FIG. 4 depicts a perspective view of a closed or assembled reusable pump dispenser according to an embodiment of the present disclosure;



FIG. 5 depicts an interior view of a reusable pump dispenser including a printed circuit board (PCB) according to an embodiment of the present disclosure;



FIG. 6A depicts a top view of a reusable pump dispenser according to an embodiment of the present disclosure; and



FIG. 6B depicts a bottom view of a reusable pump dispenser according to an embodiment of the present disclosure.





DETAILED DESCRIPTION OF THE INVENTION

The present disclosure generally provides a handheld, reusable pump dispenser. The dispenser may simultaneously cool and dispense fluid from a reservoir inside of the dispenser. In the following description, for purposes of explanation, numerous specific details are set forth in order to provide a thorough understanding of the disclosed embodiments. It will become apparent, however, to one skilled in the art that various embodiments may be practiced without these specific details or with an equivalent arrangement.



FIG. 1 depicts reusable pump dispenser 100 according to an embodiment of the present disclosure. Reusable pump dispenser 100 may be a handheld, reusable cooling dispenser that may provide reservoir 2. Reservoir 2 may be removable from reusable pump dispenser 100 and may contain a flowable product. As the product is dispensed from reservoir 2, reusable pump dispenser 100 may cool a portion of the flowable product. It should be appreciated that reusable pump dispenser 100 may cool a personal care product while the product is dispensed from reservoir 2. Reservoir 2 may provide open end 2A toward top end 30A of housing 1, which may become filled with the flowable product. Dispensing pump 3 may be provided on top of or seated above reservoir 2, and dispensing pump 3 may seal open end 2A. Reusable pump dispenser 100 may provide reusable housing 1 that may provide reservoir housing 1A and may house power source 16. Actuator 5 may be arranged proximate an end of housing 1 and may actuate dispensing pump 3 and stem 30. It should be appreciated that reusable housing 1 may provide a plurality of grooves or a grid for electric fan 14 to evacuate heat from aluminum heatsink 11. Plug 6 may be welded onto housing 1 and may be made of plastic. It should be appreciated that elastomer push button 18 and a reflector may be integrated with plug 6. Plug 6 may provide a protrusion that may help blow heated air produced past electric fan 14 to the plurality of grooves or grid provided about reusable housing 1. Base 9 and bottom cover 8 may be provided proximate bottom end 30B of housing 1 to lock or close cooling circuit subassembly 28 into housing 1. Battery door 7 may provide access into a first section of reusable housing 1, and when dispensing head 4 is otherwise not in its assembled configuration. A second section of reusable housing 1 may be accessible from the top of reusable housing 1. Cooling circuit subassembly 28 may provide a combination of flexible conduit 13, copper tube 12, and dispensing head 4. Further, cooling circuit subassembly 28 may include and connect PCB 15, aluminum heatsink 11, electric fan 14, Peltier element 10, copper tube 12, power source 16, and metal strip 17. Welded connector 27 may be provided to connect electric fan 14 with PCB 15.
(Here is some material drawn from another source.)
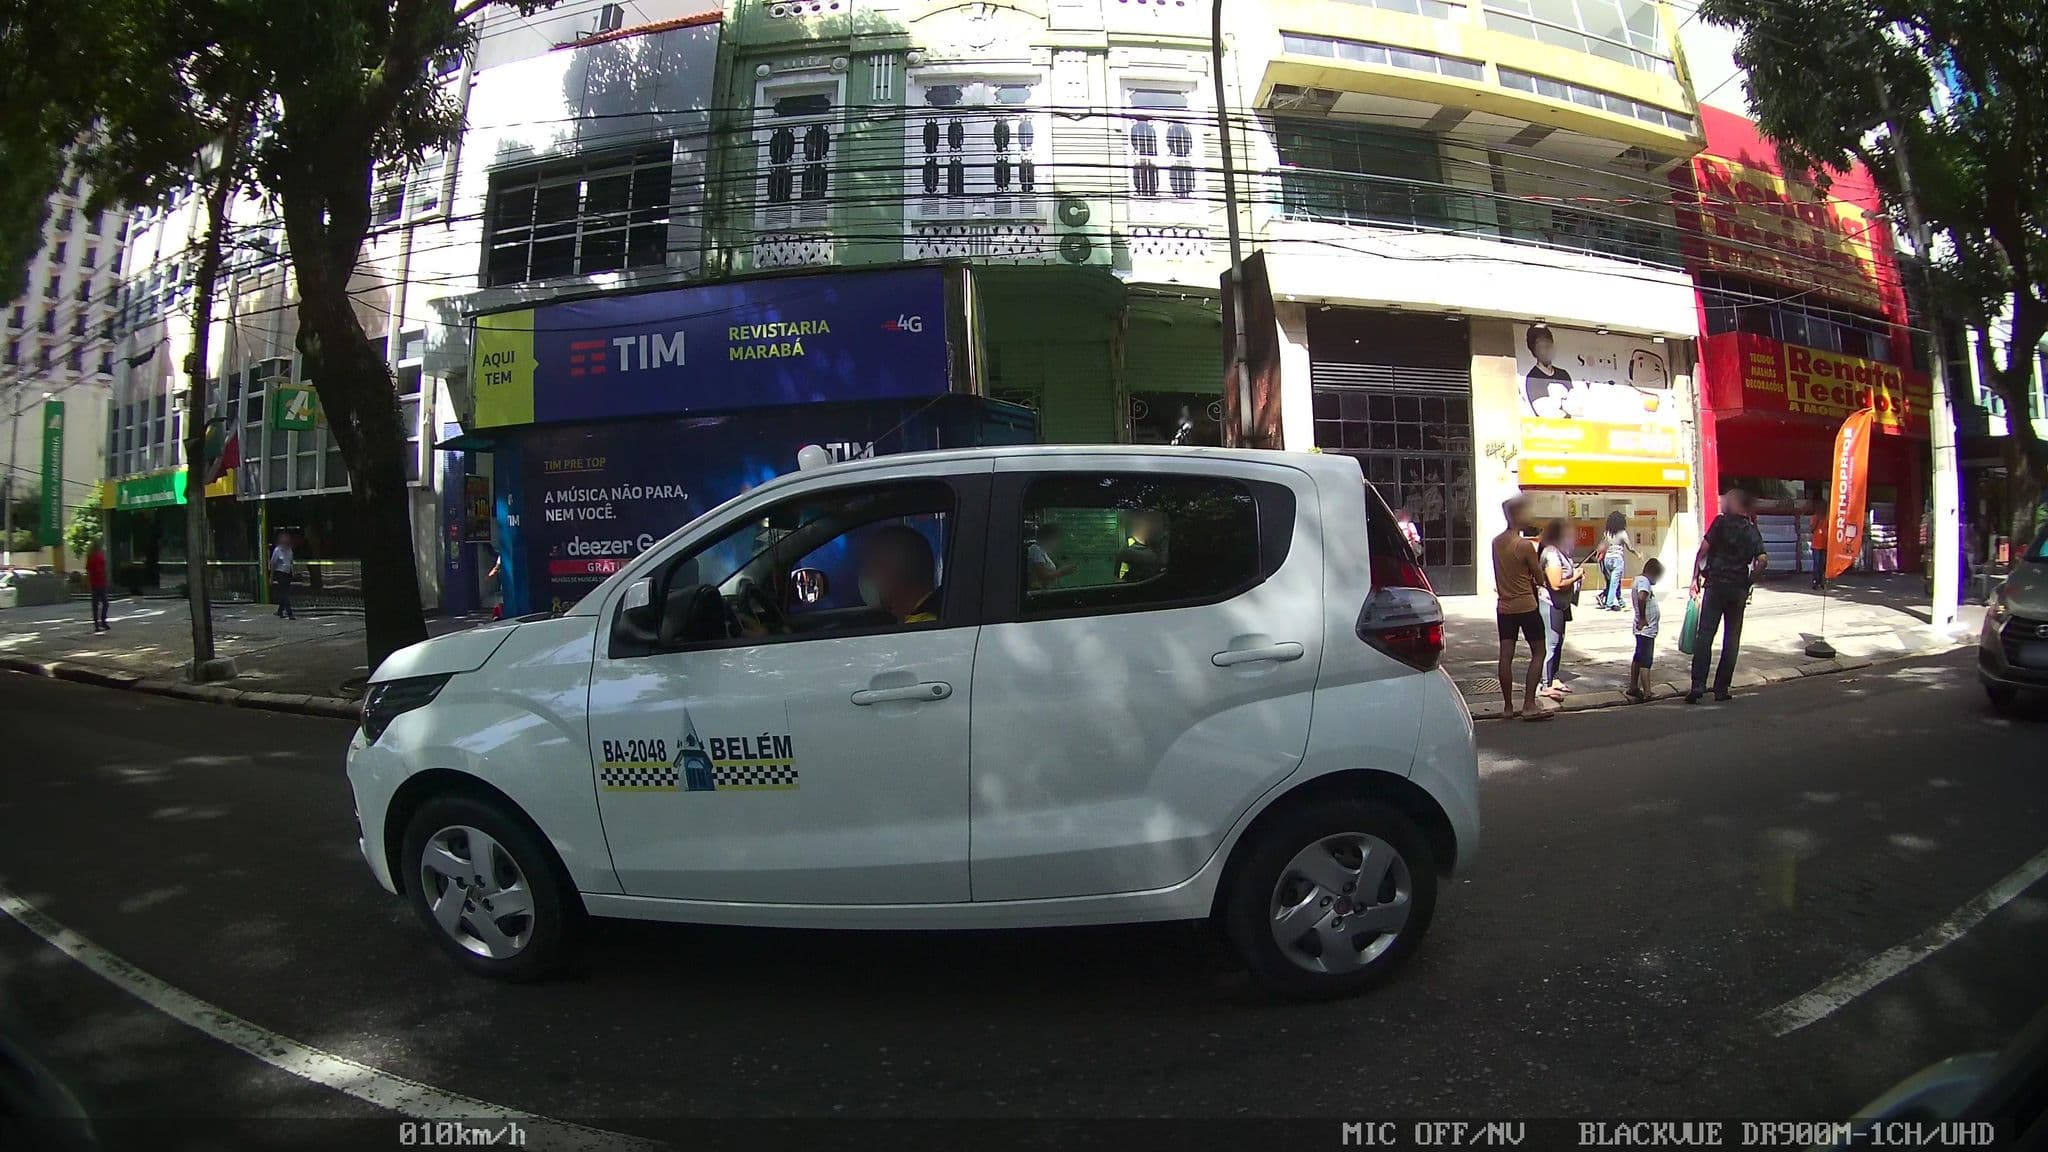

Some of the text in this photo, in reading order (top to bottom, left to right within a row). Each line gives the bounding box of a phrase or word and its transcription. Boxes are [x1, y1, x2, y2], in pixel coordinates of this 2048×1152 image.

FIG. 2 depicts cooling circuit 200 according to an embodiment of the present disclosure. Cooling circuit subassembly 28 (FIG. 1) may provide actuator 5, flexible conduit 13, copper tube 12, and dispensing head 4. Cooling circuit subassembly 28 may provide Peltier element 10 proximate aluminum heatsink 11. Peltier element 10 may provide a Peltier effect or a refrigeration technique to thermally control product within reusable pump dispenser 100 (FIG. 1).



FIG. 3 depicts push button assembly 300 according to an embodiment of the present disclosure. Push button assembly 300 may provide elastomer push button 18, PCB 15, and tactile switch 21. Push button 18 and reflector may be integrated with plug 6 (FIG. 1). Push button 18 may surmount tactile switch 21 which may provide an on/off switch for the user. Tactile switch 21 may have at least two positions that may designated as the on/off position for the user. In the on position, the electrical cooling circuit may form a closed electrical loop; and, in the off position, the electrical cooling circuit may be open.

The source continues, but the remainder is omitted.